* [What you will do] Print what the records say exactly, and omit the pictures.

★ ★ ★

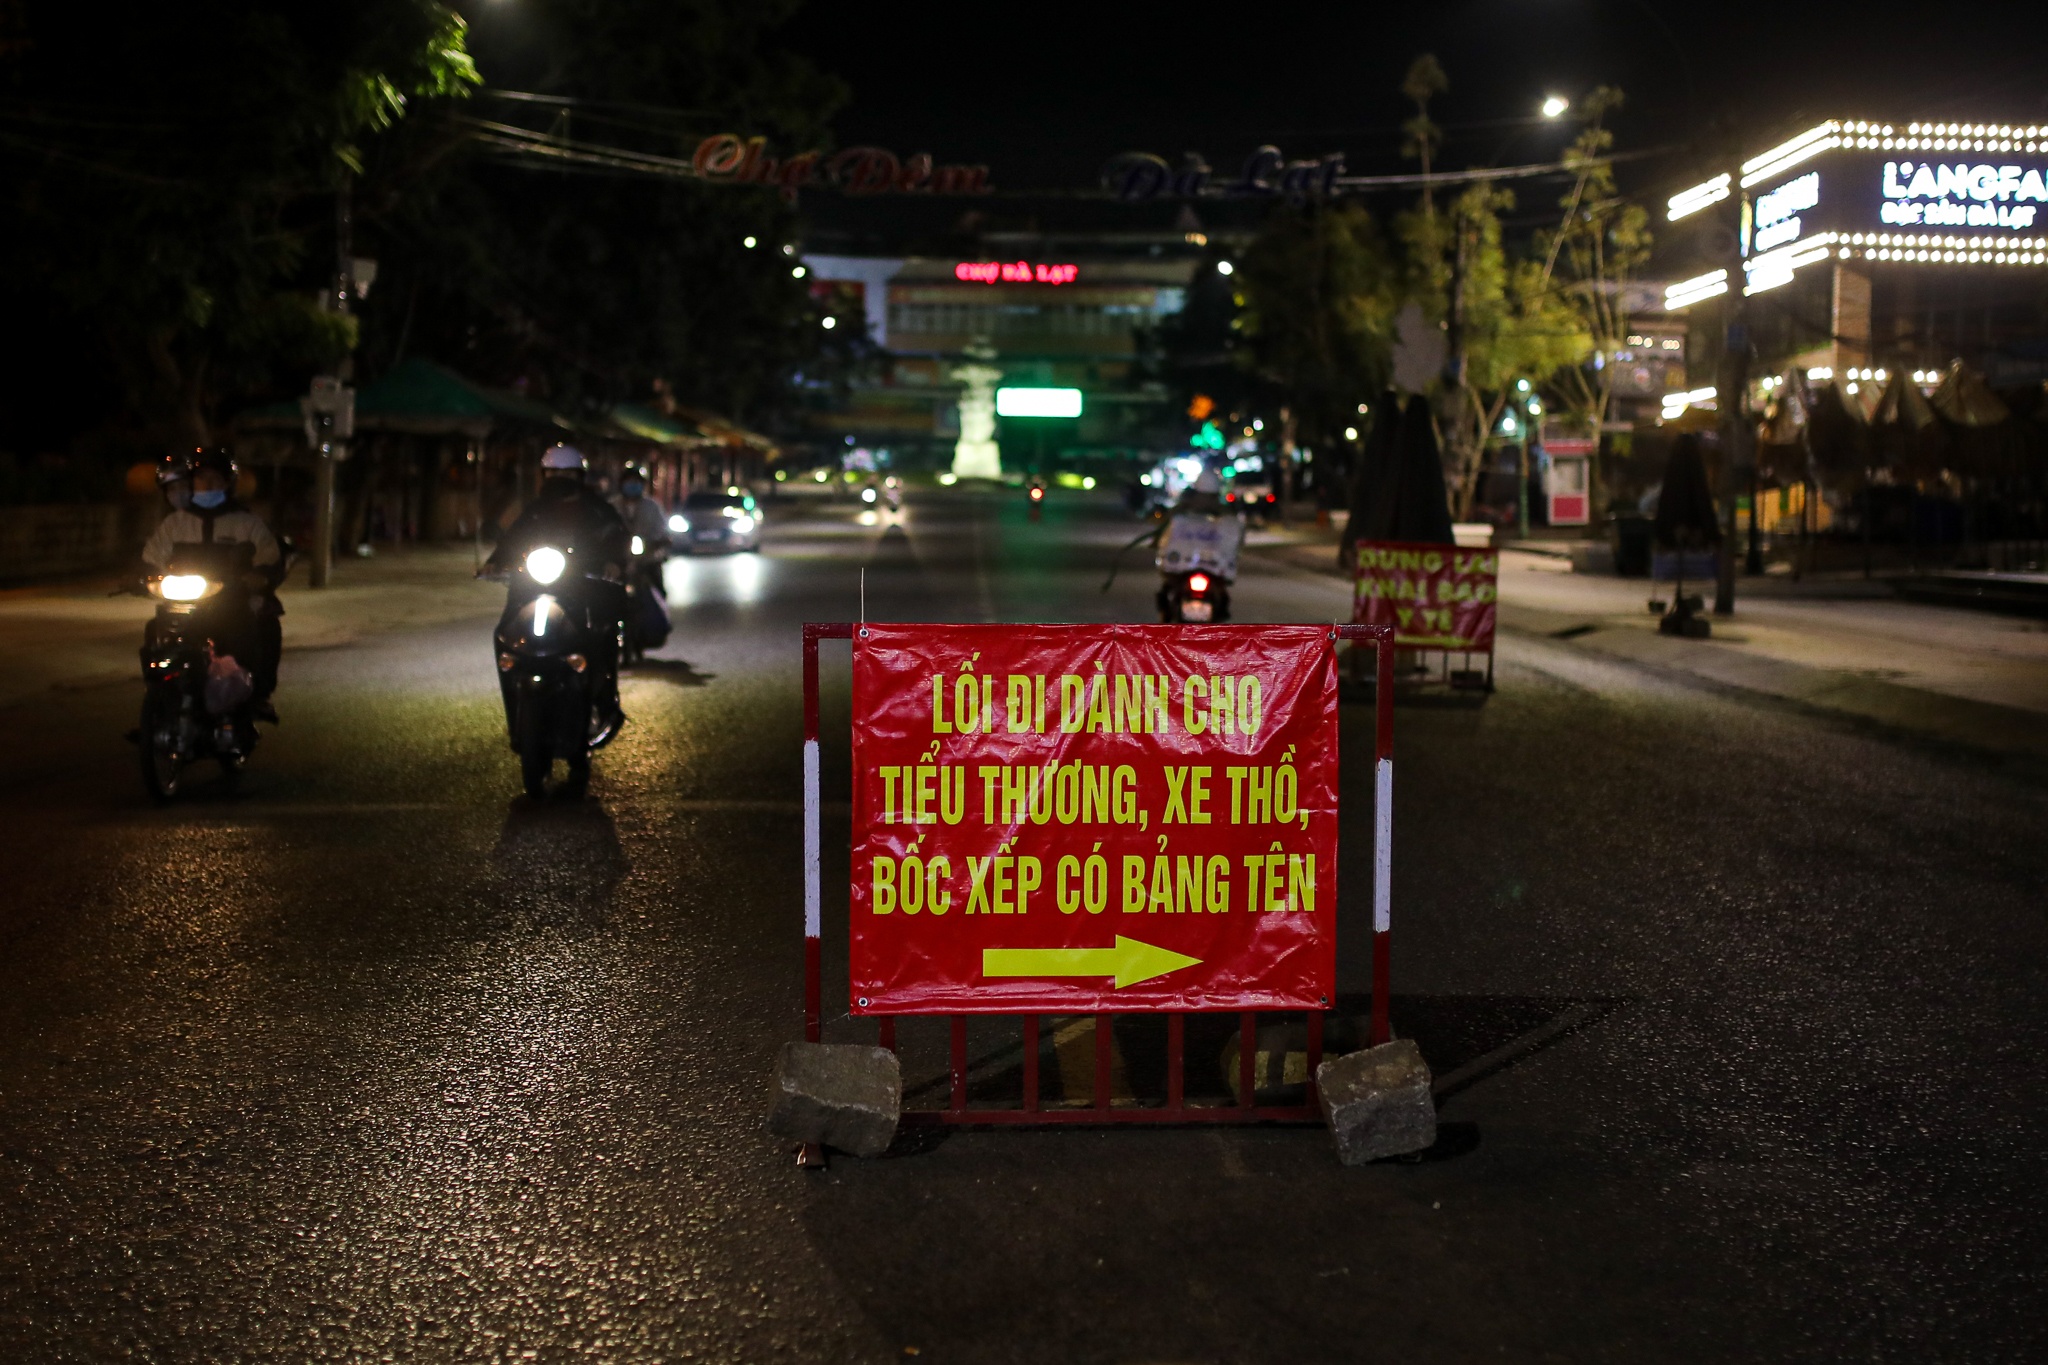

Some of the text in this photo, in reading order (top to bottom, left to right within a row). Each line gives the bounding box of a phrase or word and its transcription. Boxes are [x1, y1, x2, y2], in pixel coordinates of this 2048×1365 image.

[1883, 161, 2048, 202] L'ANGFA
[933, 652, 1262, 735] LỐI ĐI DÀNH CHO
[880, 740, 1309, 831] TIỂU THƯƠNG, XE THỒ,
[873, 834, 1316, 915] BỐC XẾP CÓ BẢNG TÊN
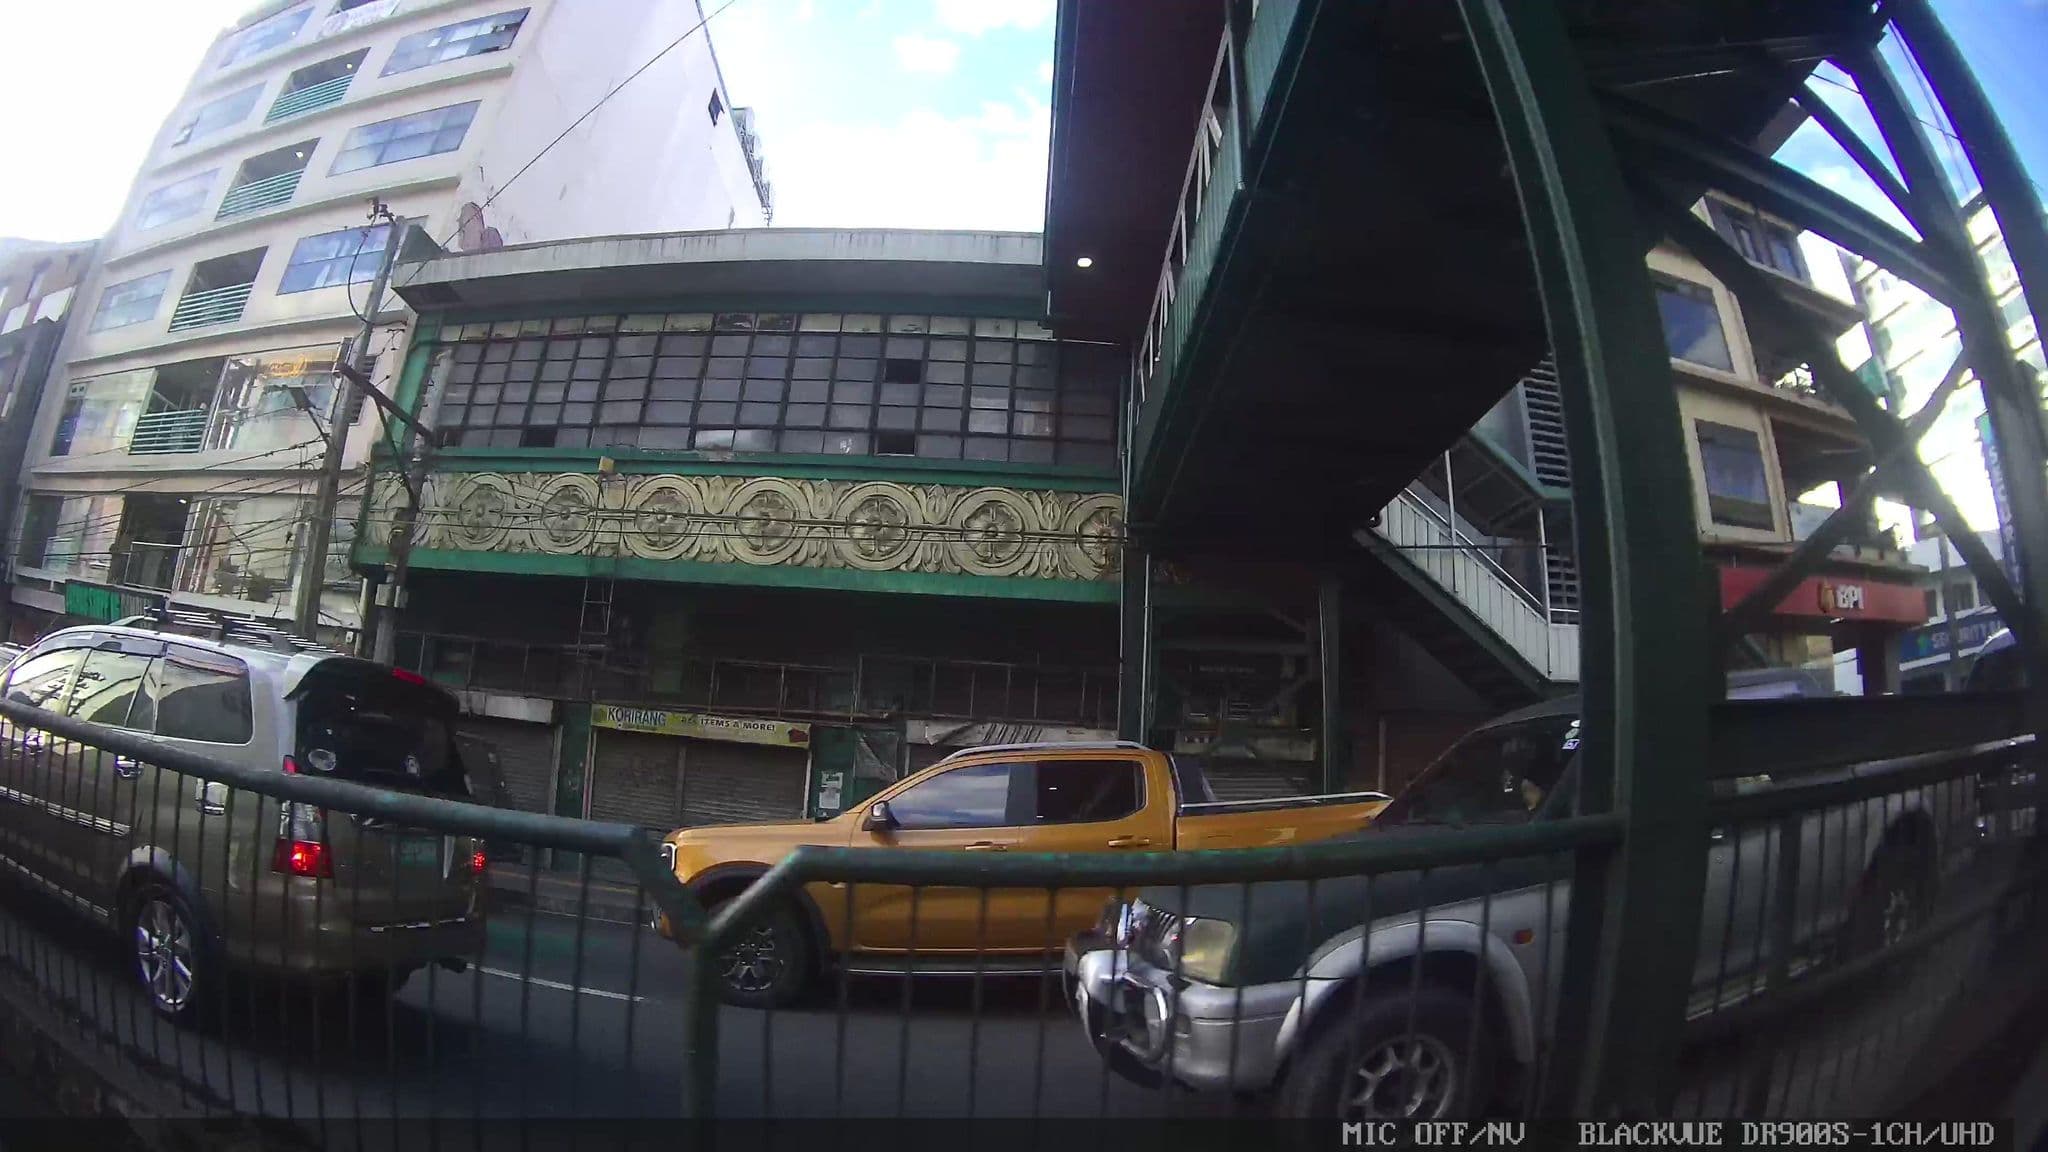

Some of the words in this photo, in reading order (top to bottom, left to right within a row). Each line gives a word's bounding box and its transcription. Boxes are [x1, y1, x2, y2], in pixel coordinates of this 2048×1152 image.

★ ★ ★

* [Problem solution]
Some of the text in this photo, in reading order (top to bottom, left to right within a row). Each line gives the bounding box of a phrase or word and its transcription. Boxes are [x1, y1, x2, y2], in pixel coordinates of this 2048×1365 image.

[1883, 161, 2048, 202] L'ANGFA
[933, 652, 1262, 735] LỐI ĐI DÀNH CHO
[880, 740, 1309, 831] TIỂU THƯƠNG, XE THỒ,
[873, 834, 1316, 915] BỐC XẾP CÓ BẢNG TÊN

Some of the words in this photo, in reading order (top to bottom, left to right within a row). Each line gives a word's bounding box and its transcription. Boxes are [x1, y1, x2, y2], in pixel coordinates of this 2048×1152 image.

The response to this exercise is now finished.